[[ LISTED ENTRIES open ]]

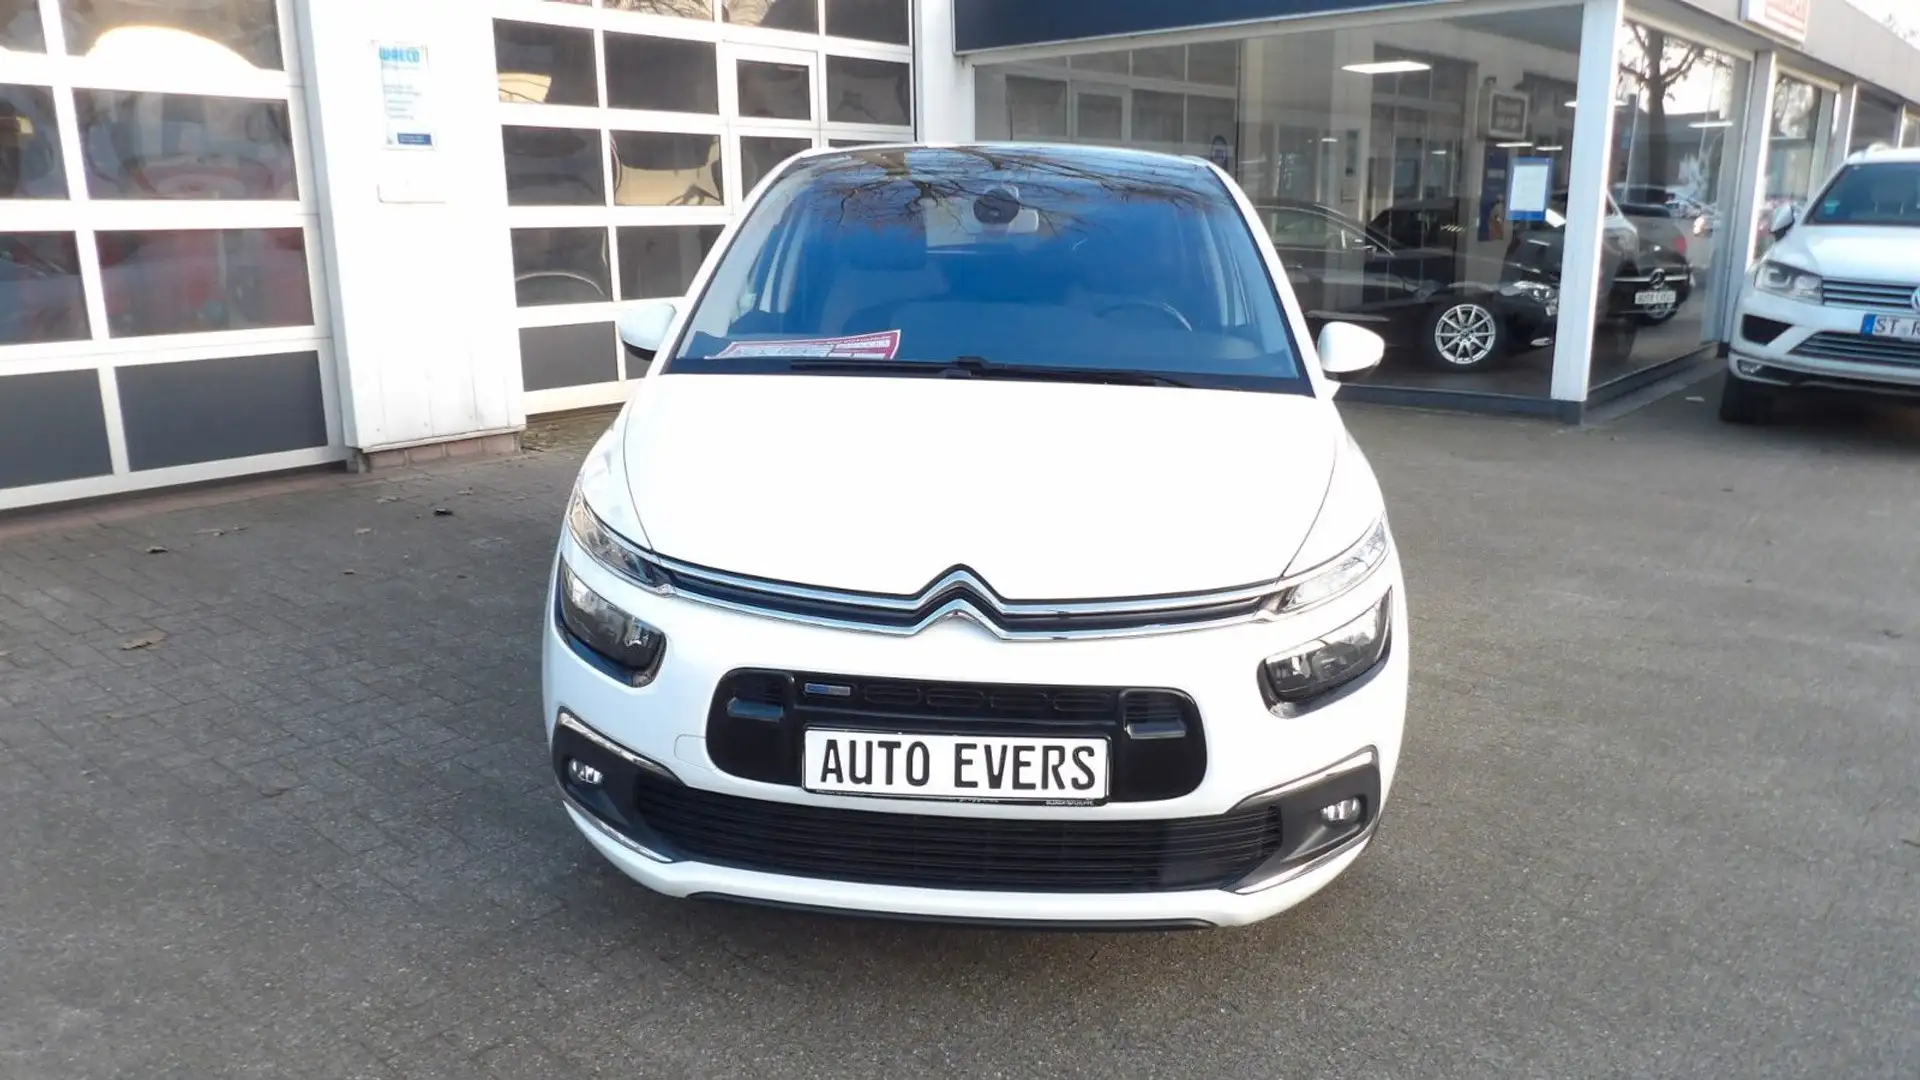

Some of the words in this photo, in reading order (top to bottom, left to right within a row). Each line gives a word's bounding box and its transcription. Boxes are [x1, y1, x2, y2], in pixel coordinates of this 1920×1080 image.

[1875, 317, 1900, 334] ST
[820, 739, 930, 787] AUTO
[954, 743, 1095, 791] EVERS
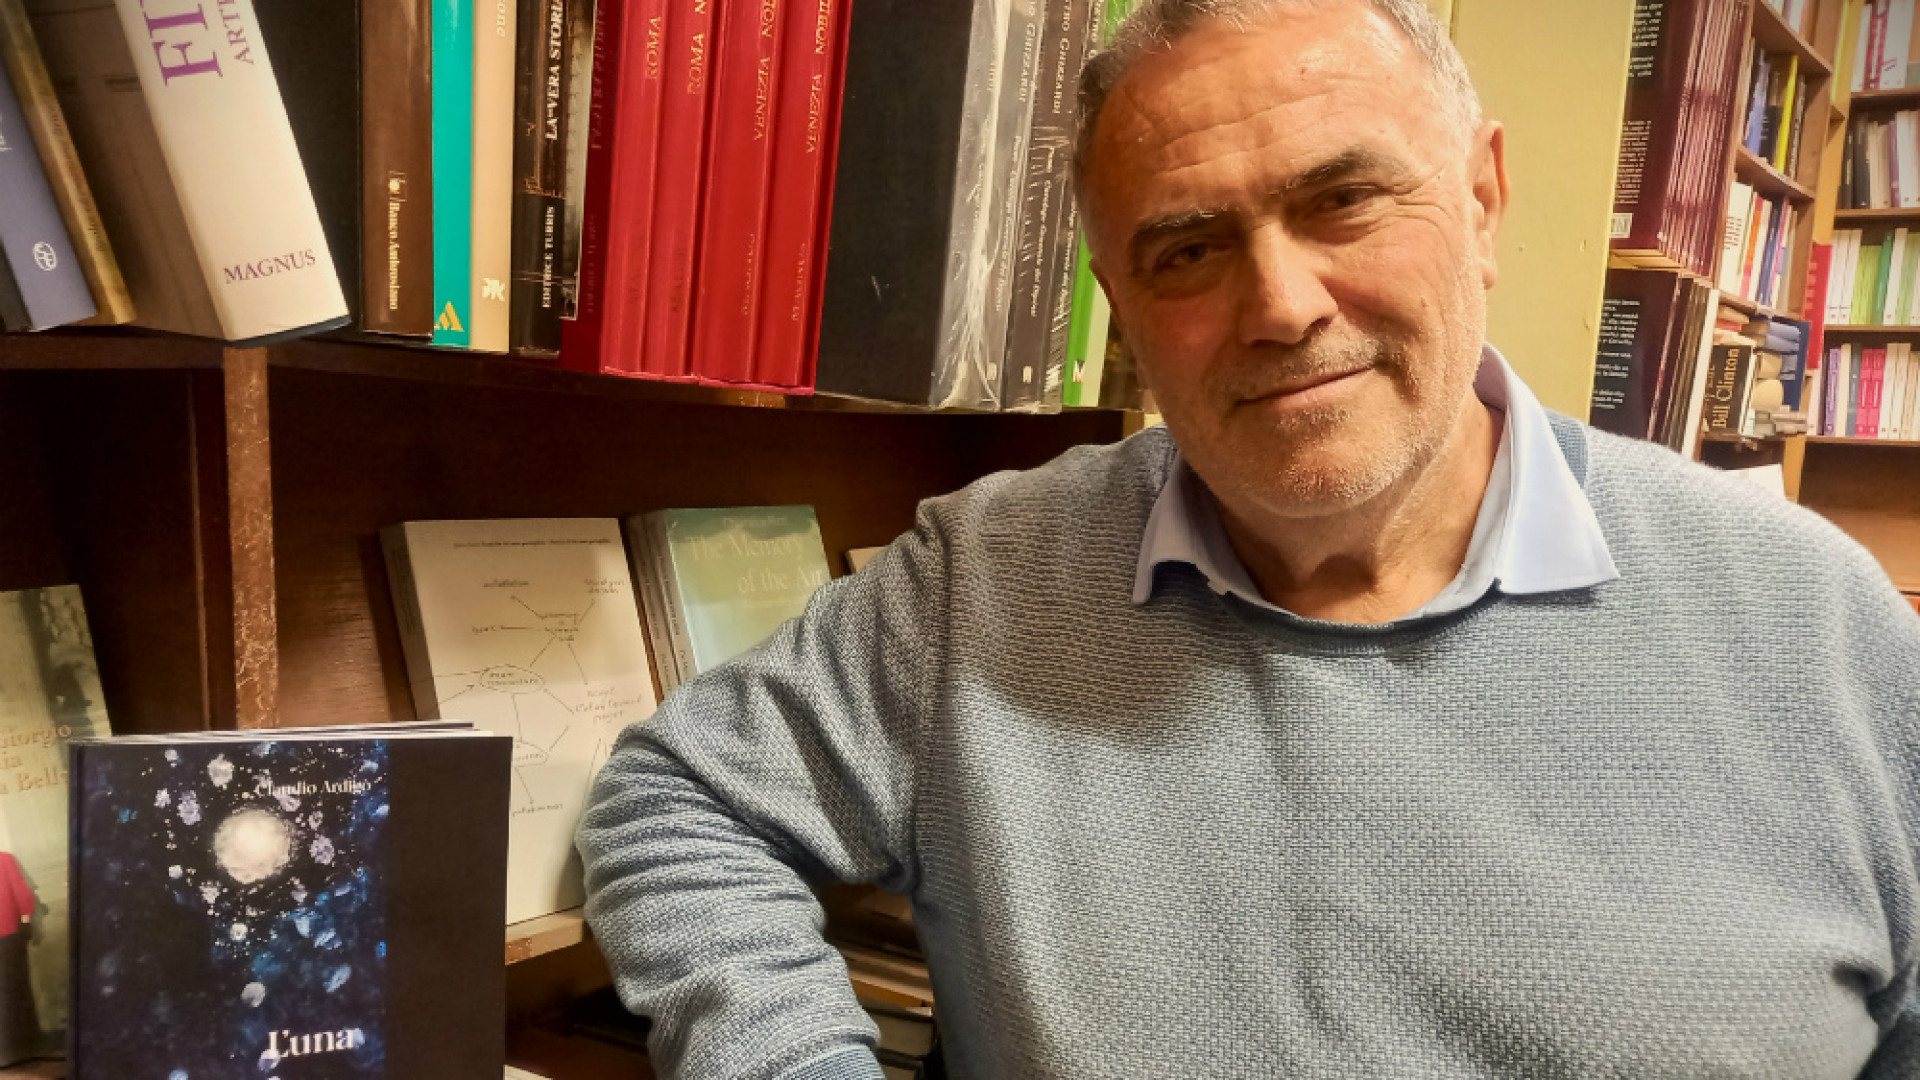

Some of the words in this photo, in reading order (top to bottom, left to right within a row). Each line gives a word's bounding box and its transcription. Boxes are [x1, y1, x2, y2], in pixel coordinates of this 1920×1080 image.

[496, 0, 506, 37] one
[139, 0, 224, 87] FI
[645, 16, 661, 79] ROMA
[687, 33, 705, 95] ROMA
[546, 65, 560, 111] VERA
[754, 57, 771, 140] VENEZIA
[545, 119, 558, 140] LA
[805, 74, 823, 153] VENEZIA
[389, 202, 401, 239] Banco
[545, 206, 555, 249] TURRIS
[224, 249, 316, 284] MAGNUS
[389, 242, 401, 310] Ambrosiano
[542, 253, 553, 308] EDITRICE
[1715, 348, 1740, 402] Clinton
[1712, 405, 1730, 428] Bill
[689, 535, 722, 560] The
[728, 534, 803, 560] Memory
[737, 566, 756, 593] of
[760, 566, 789, 591] the
[254, 780, 317, 796] Claudio

[[ LISTED ENTRIES closed ]]

§ WHAT IS NEEDED
Where a record above holds a picture, drop the picture and print the rest exactly.

§ THE ANSWER
Some of the words in this photo, in reading order (top to bottom, left to right within a row). Each line gives a word's bounding box and its transcription. Boxes are [x1, y1, x2, y2], in pixel coordinates of this 1920×1080 image.

[1875, 317, 1900, 334] ST
[820, 739, 930, 787] AUTO
[954, 743, 1095, 791] EVERS

Some of the words in this photo, in reading order (top to bottom, left to right within a row). Each line gives a word's bounding box and its transcription. Boxes are [x1, y1, x2, y2], in pixel coordinates of this 1920×1080 image.

[496, 0, 506, 37] one
[139, 0, 224, 87] FI
[645, 16, 661, 79] ROMA
[687, 33, 705, 95] ROMA
[546, 65, 560, 111] VERA
[754, 57, 771, 140] VENEZIA
[545, 119, 558, 140] LA
[805, 74, 823, 153] VENEZIA
[389, 202, 401, 239] Banco
[545, 206, 555, 249] TURRIS
[224, 249, 316, 284] MAGNUS
[389, 242, 401, 310] Ambrosiano
[542, 253, 553, 308] EDITRICE
[1715, 348, 1740, 402] Clinton
[1712, 405, 1730, 428] Bill
[689, 535, 722, 560] The
[728, 534, 803, 560] Memory
[737, 566, 756, 593] of
[760, 566, 789, 591] the
[254, 780, 317, 796] Claudio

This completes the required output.